“Be Opened!”

Alfred Pang

Today’s post is from guest contributor Alfred Pang. Alfred is a teacher and independent scholar. He takes an active interest in the faith formation of Catholic school educators and leaders, and writes on Lasallian spirituality. He has a PhD in Theology and Education from Boston College. 

Today’s liturgical readings for the Twenty-third Sunday in Ordinary Time can be found by clicking here.

God longs to heal us with a healing that liberates and restores us to wholeness. In today’s Gospel, Jesus incarnates this longing by healing a deaf person with a speech impediment. “Ephphatha” – “Be opened!” says Jesus, as he puts his finger into this person’s ears and touches his tongue with spit. This bodily encounter provokes a visceral reaction from many. What also captures my attention is the sequence: the opening of ears is followed by the return of speech. God’s healing toward wholeness is connected to how we are listening to ourselves and others.

Metaphorically, the experience of being unable to hear or to speak as I would like resonates with me. As a gay Catholic, it is hard to hear the Good News of God’s radically inclusive love in a church that still does not recognize the fruitfulness of same-sex love as worthy of blessing. LGBTQ people are still viewed as a crisis to be managed, rather than as gift to be welcomed as we are.

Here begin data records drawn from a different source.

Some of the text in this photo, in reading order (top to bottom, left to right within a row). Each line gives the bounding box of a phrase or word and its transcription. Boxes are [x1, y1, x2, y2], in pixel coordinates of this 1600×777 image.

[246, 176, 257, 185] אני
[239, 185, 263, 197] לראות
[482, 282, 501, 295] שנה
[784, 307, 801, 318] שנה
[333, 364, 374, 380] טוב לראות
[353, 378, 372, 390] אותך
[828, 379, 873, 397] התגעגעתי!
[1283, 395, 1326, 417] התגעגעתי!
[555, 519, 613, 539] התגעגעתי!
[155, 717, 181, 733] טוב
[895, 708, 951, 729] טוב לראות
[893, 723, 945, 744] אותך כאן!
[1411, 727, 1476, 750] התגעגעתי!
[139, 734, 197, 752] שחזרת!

Discrimination in the form of LGBTQ people being unfairly dismissed from jobs in schools, parishes and other Catholic organizations makes it even harder to hear God’s Good News. Such actions not only stymie us from hearing the whisper of God’s hope, but they unleash fear that silences us as LGBTQ Catholics. It tells me that no matter how committed I am to serving God’s people in ministry, I am somewhat not good enough. In the face of such discouragement, it is easier to shut out and shut down to numb one’s pain.

Yet, Jesus says to you and me: “Be opened!” His call comes not in an imperceptible way but as a groan, as if sharing in the depths of our pain.

Be opened to hear God’s faithfulness, to which Isaiah was tasked to prophesy in the First Reading: “Here is your God, he comes with vindication; with divine recompense he comes to save you” (35:4).

Be opened to perceive once again the new thing that God’s Spirit is doing in assuaging the “thirsty ground” of our being with “springs of water.” (Is. 35:7)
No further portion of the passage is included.